O morador do município de Barra do Garças procurou a Defensoria Pública naquela comarca alegando que, há vários anos, não possui mais a motocicleta Honda CG 125 que, todavia, continua registrada em seu nome, constando multas e impostos. Porém, ele não sabe informar onde e com quem possa estar o referido veículo. O ex-proprietário também disse não dispor de prova documental ou testemunhal no sentido de que haja vendido, emprestado, ou de qualquer forma transferido a posse ou propriedade do bem.
Ao ser atendido pelo defensor público Milton Martini, interpelado quanto ao desejo ou não de continuar figurando como proprietário da motocicleta, V.C.S. prontamente respondeu negativamente.
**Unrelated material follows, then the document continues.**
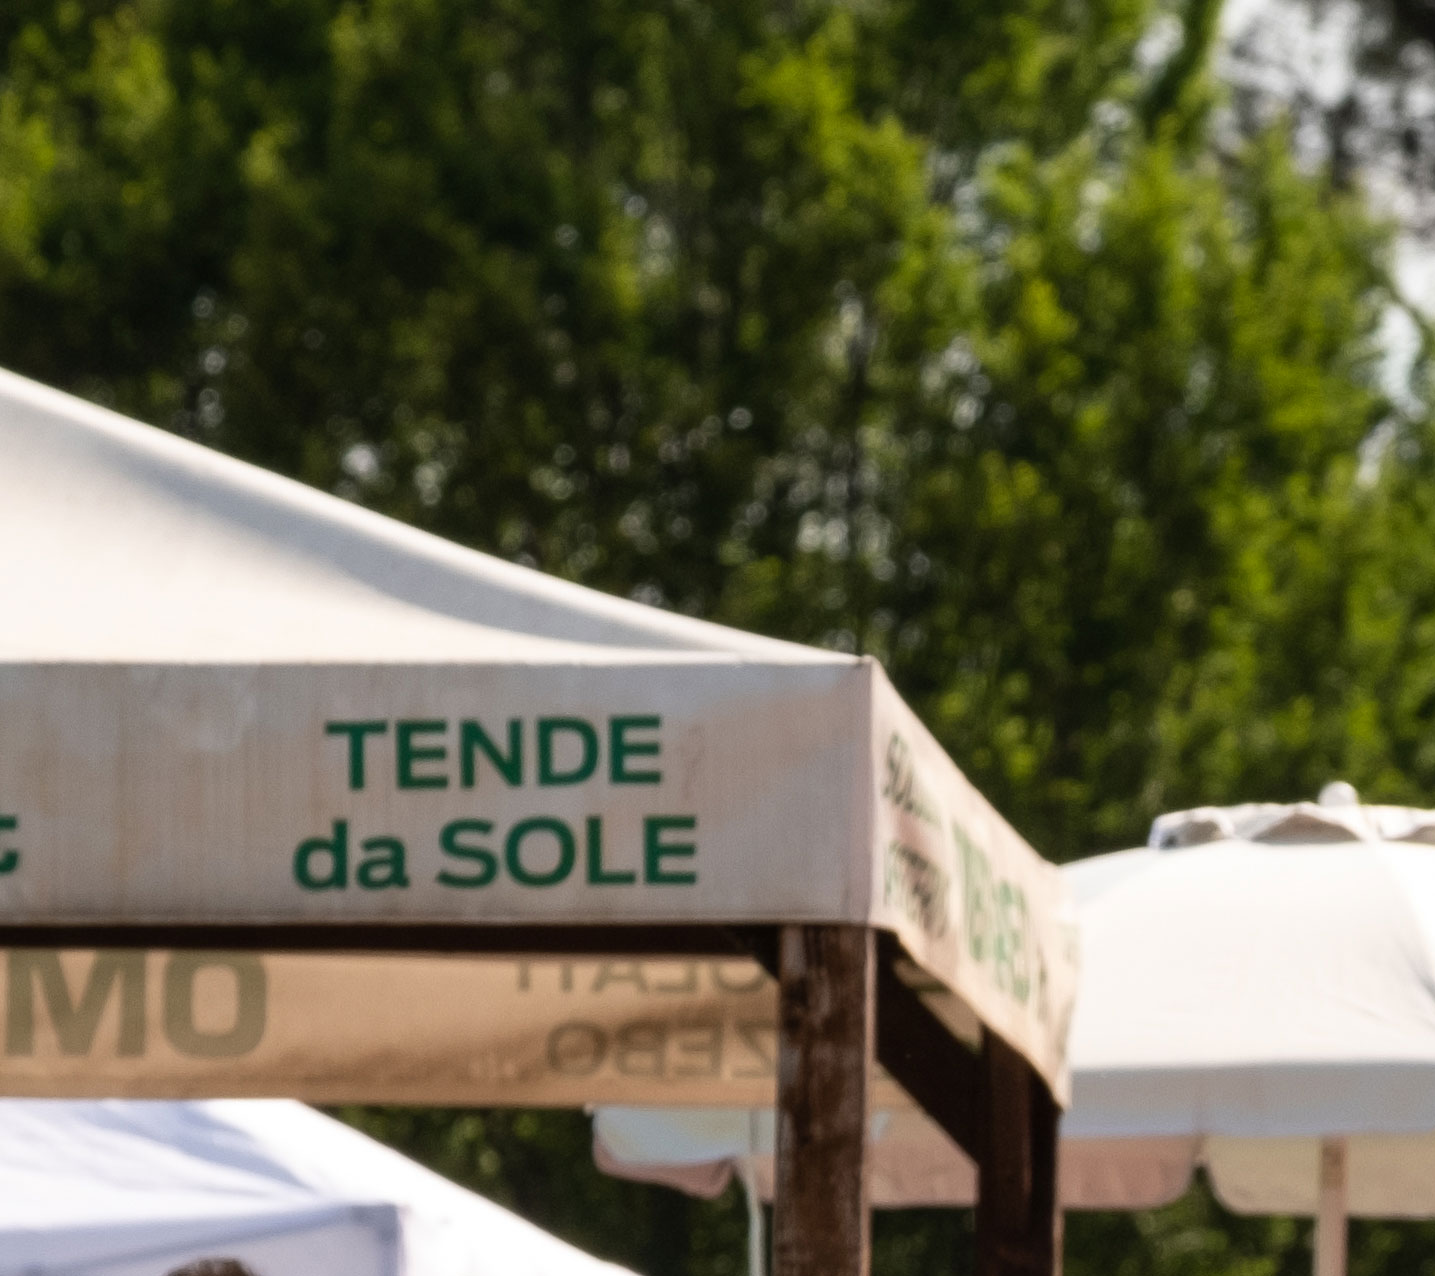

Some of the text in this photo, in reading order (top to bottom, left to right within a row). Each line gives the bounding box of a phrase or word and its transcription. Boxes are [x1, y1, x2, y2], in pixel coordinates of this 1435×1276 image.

[325, 714, 663, 790] TENDE
[292, 814, 698, 890] da SOLE
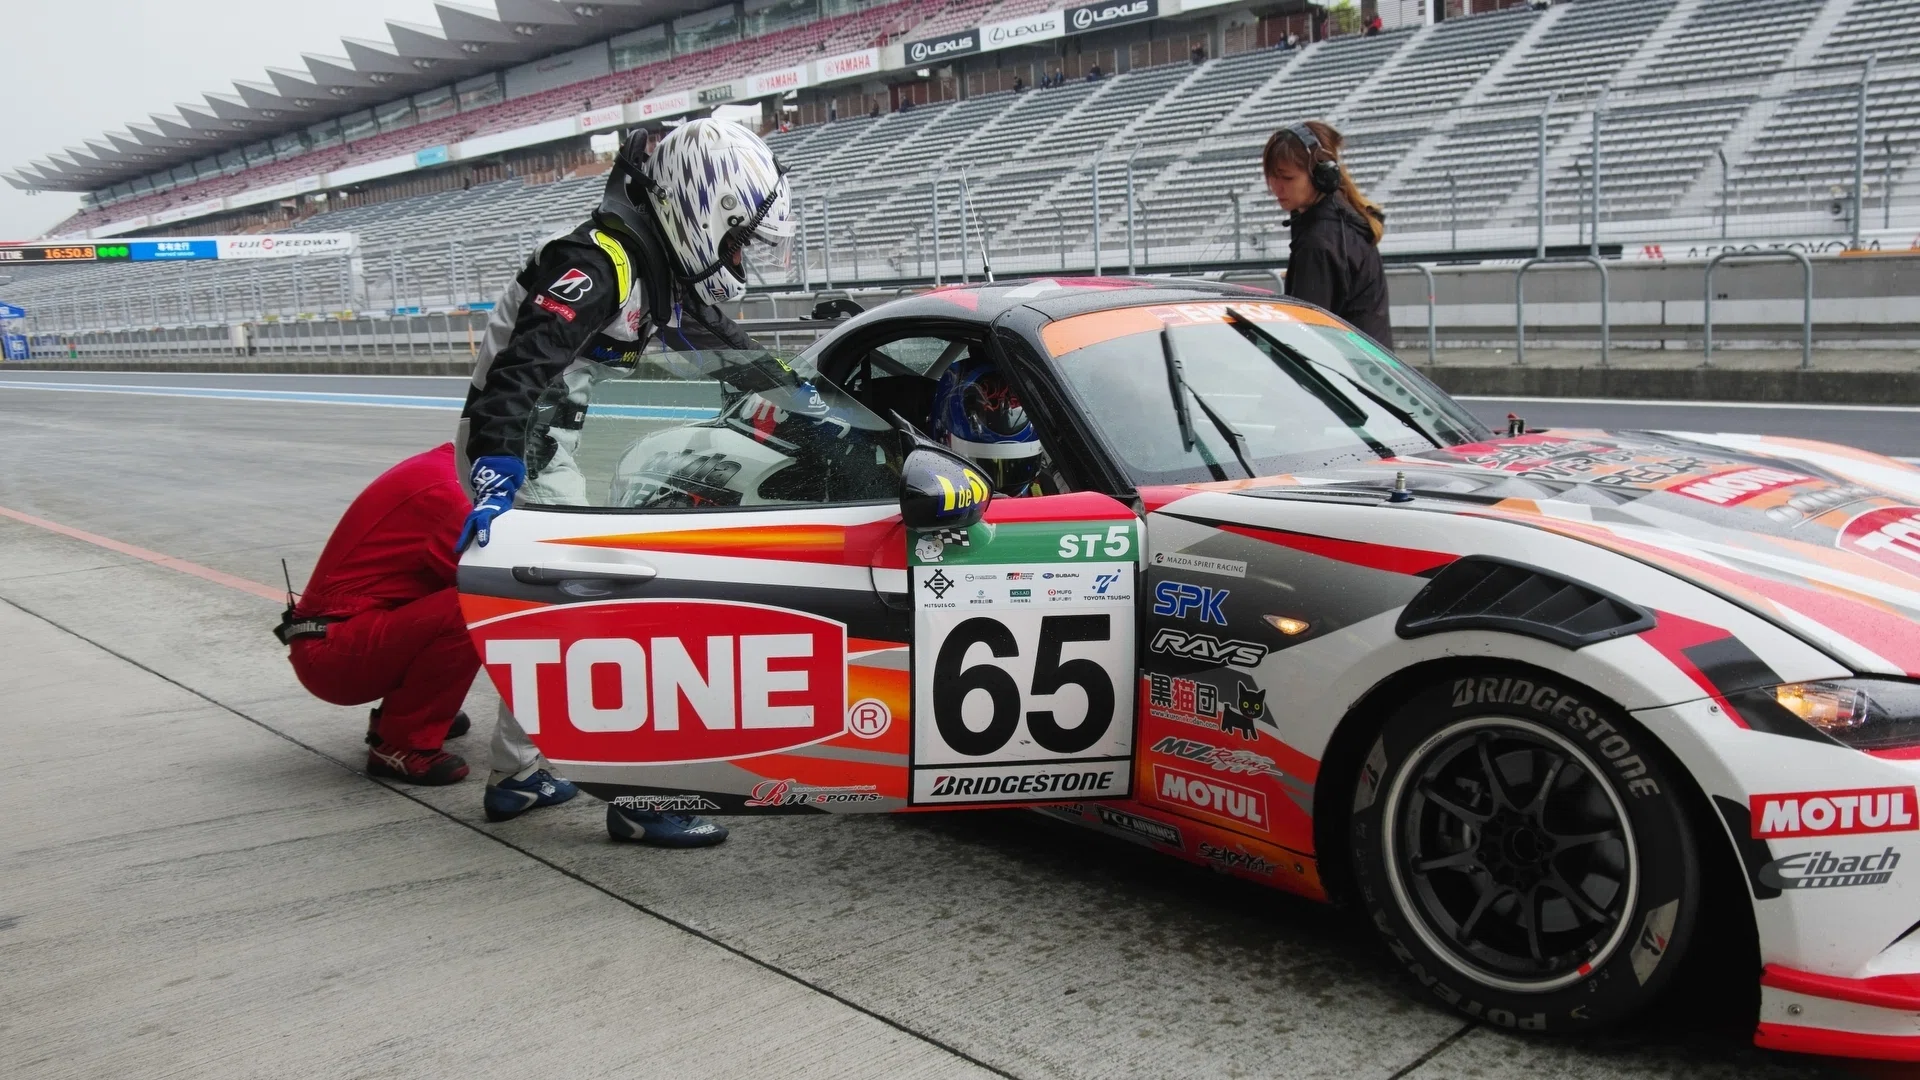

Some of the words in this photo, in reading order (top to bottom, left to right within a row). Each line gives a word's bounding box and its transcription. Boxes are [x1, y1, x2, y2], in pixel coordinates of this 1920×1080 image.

Então foi orientado a formalizar tal manifestação, mediante escritura pública declaratória.
Firmado o documento, sempre sob orientação do defensor, ele apresentou requerimento ao chefe da 3ª Ciretran, em Barra do garças, pleiteando a exclusão do seu nome como proprietário da motocicleta. Passados quase 20 dias, sem qualquer manifestação do órgão de trânsito, foi, então, impetrado um mandado de segurança para fazer valer o direito do cidadão de não querer mais ser proprietário do veículo.
Martini sustenta que "a Lei Federal (Código Civil) garante esse direito ao proprietário, de renunciar à propriedade e aos direitos a ela inerentes" e o silêncio da autoridade apontada como coatora (Ciretran) constitui violação a esse direito líquido e certo.
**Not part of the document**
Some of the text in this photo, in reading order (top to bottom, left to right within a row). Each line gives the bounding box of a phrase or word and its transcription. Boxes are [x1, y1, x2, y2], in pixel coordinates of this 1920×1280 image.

Segundo o defensor público, muitas pessoas enfrentam problemas semelhantes. Hoje, para efetuar a baixa de um veículo no sistema do Departamento Estadual de Trânsito (Detran) exige-se a ocorrência (de furto ou roubo, por exemplo) ou que seja apresentada uma parte do veículo que contenha o número do chassi. "Isto só é possível se o proprietário estiver com o bem em sua posse", explica Martini.
Entretanto, para a renúncia de propriedade, a lei não impõe condição alguma e o Estado não as pode criar ou impor ao cidadão. Segundo a Constituição Federal, é garantido o direito de propriedade, e a mesma CF assegura, em seu artigo 5º, inciso II, que "ninguém será obrigado a fazer ou deixar de fazer alguma coisa senão em virtude de lei".
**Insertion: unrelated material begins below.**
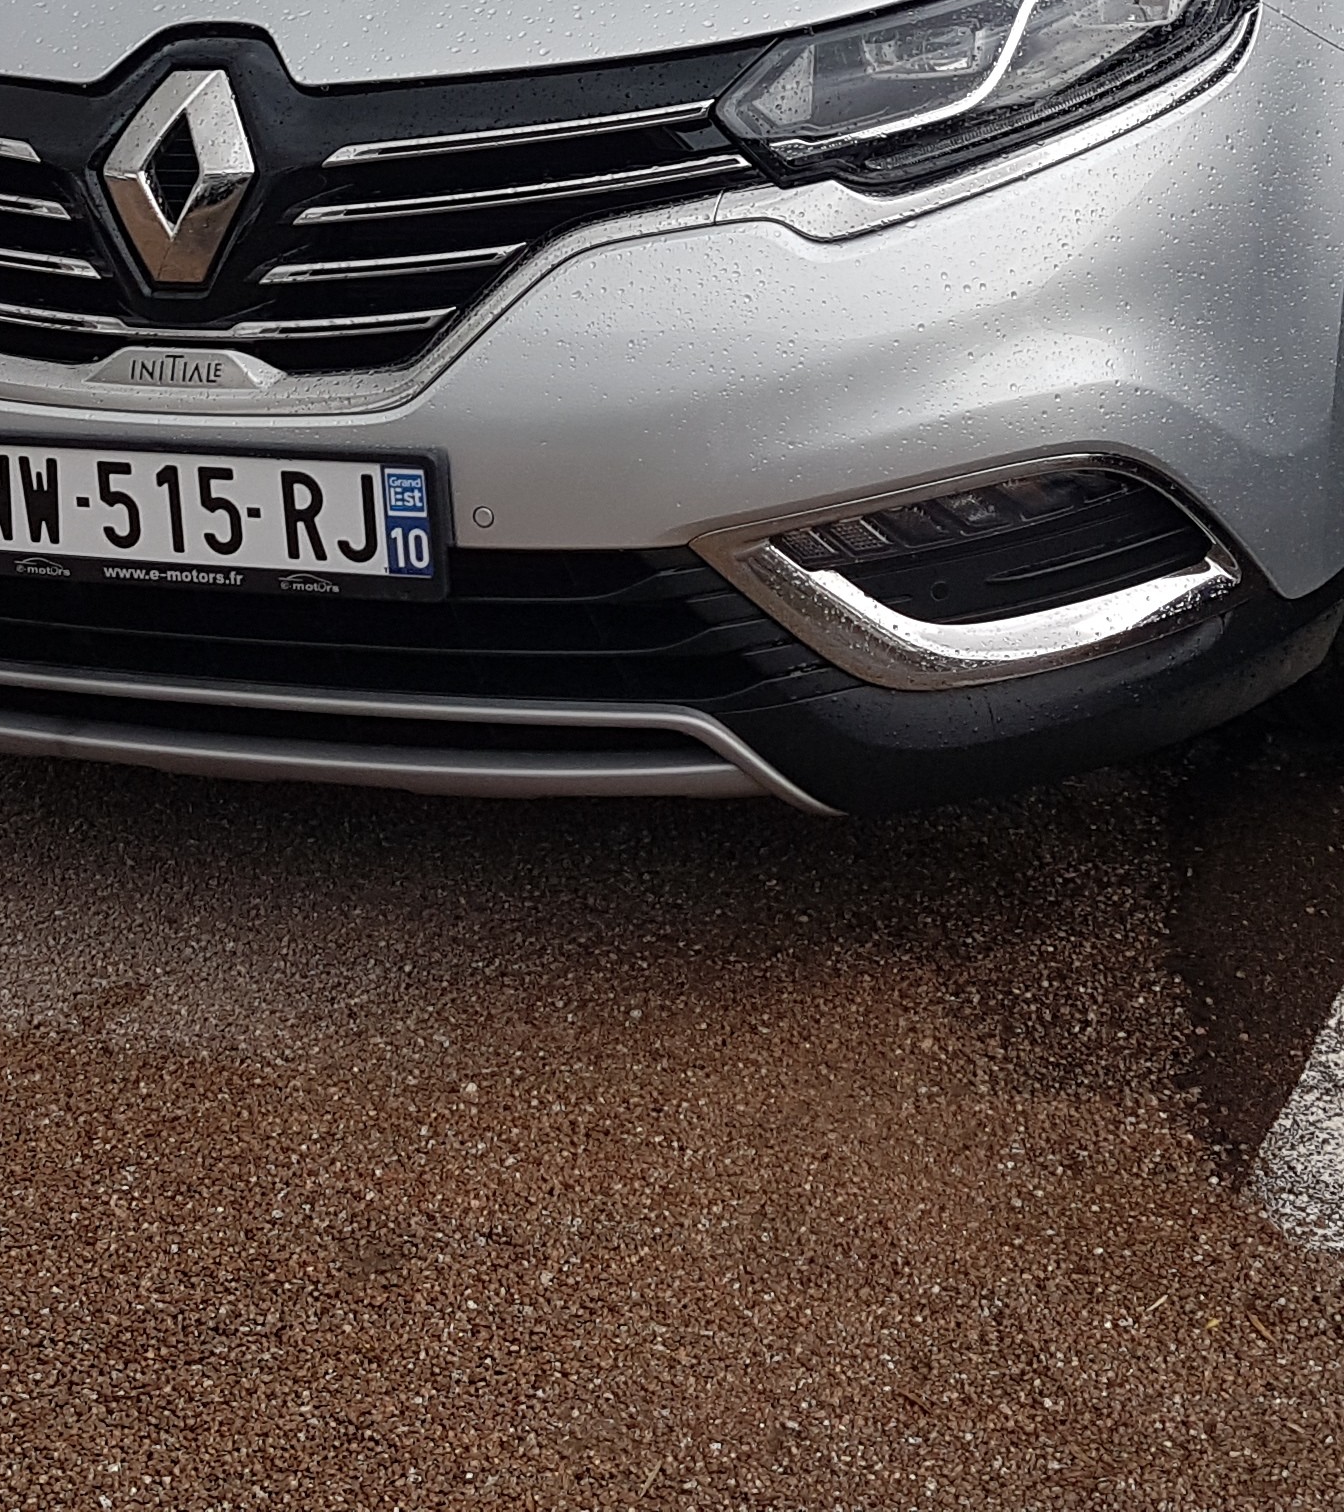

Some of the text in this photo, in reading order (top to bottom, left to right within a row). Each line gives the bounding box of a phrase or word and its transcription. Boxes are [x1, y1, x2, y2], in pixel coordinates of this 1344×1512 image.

"O impetrante não visa exclusivamente a obtenção da renúncia da propriedade do veículo, mas sim, por vias transversas, a declaração judicial de que não é mais proprietário do mesmo e, por conseguinte, isentar-se de qualquer responsabilidade sobre o bem", destaca trecho da decisão concedida pelo juízo da Terceira Vara Cível de Barra do Garças.
Conforme Milton Martini, a iniciativa é inédita e inovadora já que não se tem notícia de caso semelhante submetido ao Judiciário brasileiro, e "esse novo fundamento poderá servir de norte para resolver incontáveis situações assemelhadas existentes em todo o país, até agora sem solução", finaliza o defensor público.